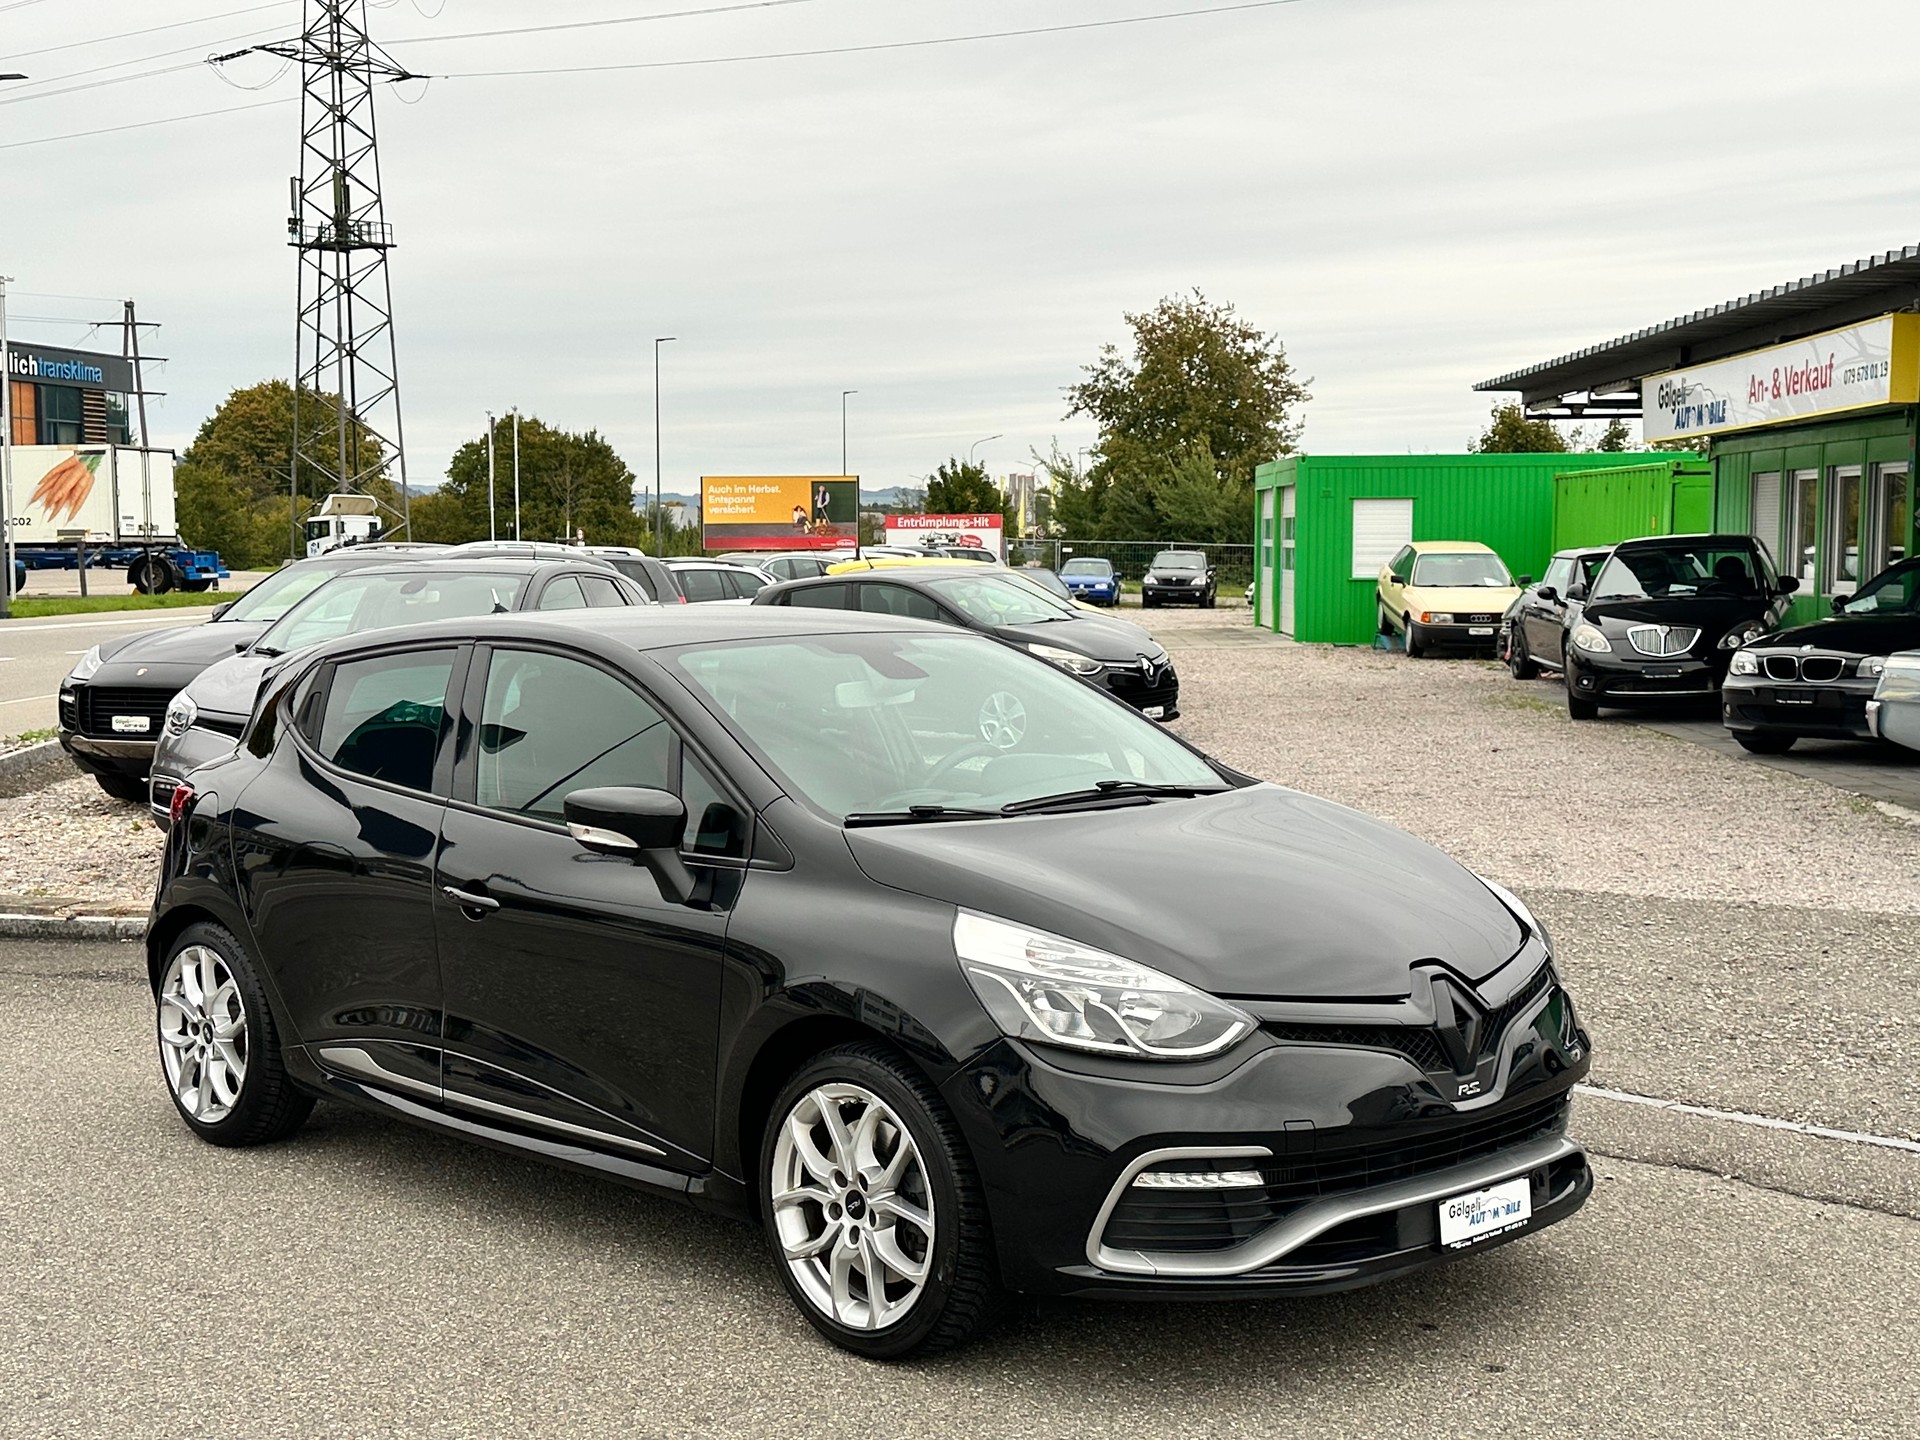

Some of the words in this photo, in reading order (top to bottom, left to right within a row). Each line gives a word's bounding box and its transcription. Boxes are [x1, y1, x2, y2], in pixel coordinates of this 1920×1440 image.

[0, 351, 103, 384] lichtransklima
[1749, 374, 1768, 404] An-
[1772, 367, 1781, 399] &
[1784, 352, 1834, 396] Verkauf
[1843, 368, 1855, 385] 079
[1870, 363, 1878, 380] 01
[1880, 360, 1888, 378] 19
[1658, 377, 1686, 414] Gölgeli
[708, 484, 732, 494] Auch
[734, 484, 746, 494] im
[748, 484, 782, 494] Herbst.
[708, 495, 755, 505] Entspannt
[709, 504, 757, 514] versichert.
[897, 516, 989, 529] Entrümplungs-Hit
[1449, 1197, 1481, 1218] Gölgeli
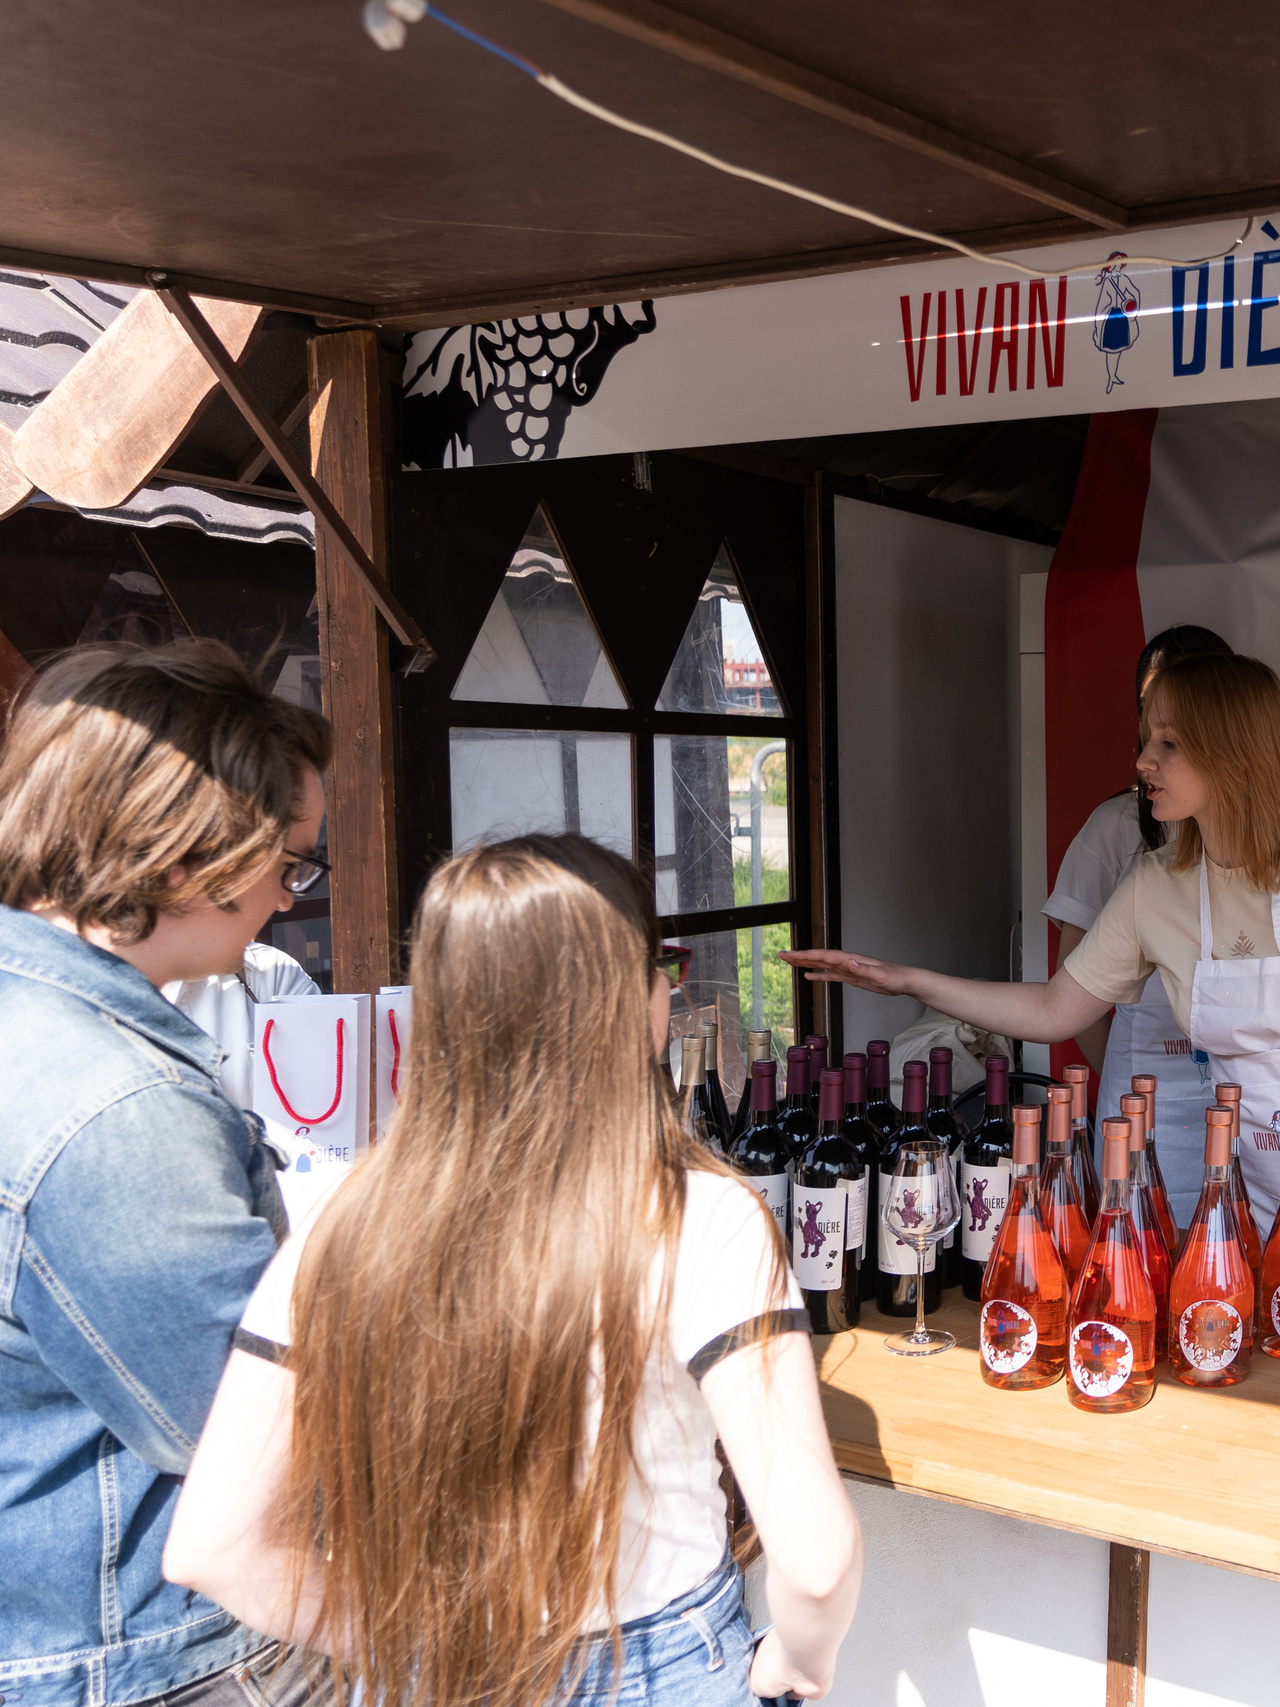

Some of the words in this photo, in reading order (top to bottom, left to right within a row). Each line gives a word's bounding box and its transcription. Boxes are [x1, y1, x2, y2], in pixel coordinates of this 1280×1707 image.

[900, 276, 1067, 402] VIVAN
[1163, 1039, 1192, 1056] VIVAN
[1253, 1131, 1280, 1151] VIVAN
[818, 1219, 841, 1234] DIÈRE

* * * * * * * * *

Every line above should be copied exactly; do not carry over the pictures.

Some of the words in this photo, in reading order (top to bottom, left to right within a row). Each line gives a word's bounding box and its transcription. Boxes are [x1, y1, x2, y2], in pixel coordinates of this 1920×1440 image.

[0, 351, 103, 384] lichtransklima
[1749, 374, 1768, 404] An-
[1772, 367, 1781, 399] &
[1784, 352, 1834, 396] Verkauf
[1843, 368, 1855, 385] 079
[1870, 363, 1878, 380] 01
[1880, 360, 1888, 378] 19
[1658, 377, 1686, 414] Gölgeli
[708, 484, 732, 494] Auch
[734, 484, 746, 494] im
[748, 484, 782, 494] Herbst.
[708, 495, 755, 505] Entspannt
[709, 504, 757, 514] versichert.
[897, 516, 989, 529] Entrümplungs-Hit
[1449, 1197, 1481, 1218] Gölgeli

Some of the words in this photo, in reading order (top to bottom, left to right within a row). Each line gives a word's bounding box and its transcription. Boxes are [x1, y1, x2, y2], in pixel coordinates of this 1280×1707 image.

[900, 276, 1067, 402] VIVAN
[1163, 1039, 1192, 1056] VIVAN
[1253, 1131, 1280, 1151] VIVAN
[818, 1219, 841, 1234] DIÈRE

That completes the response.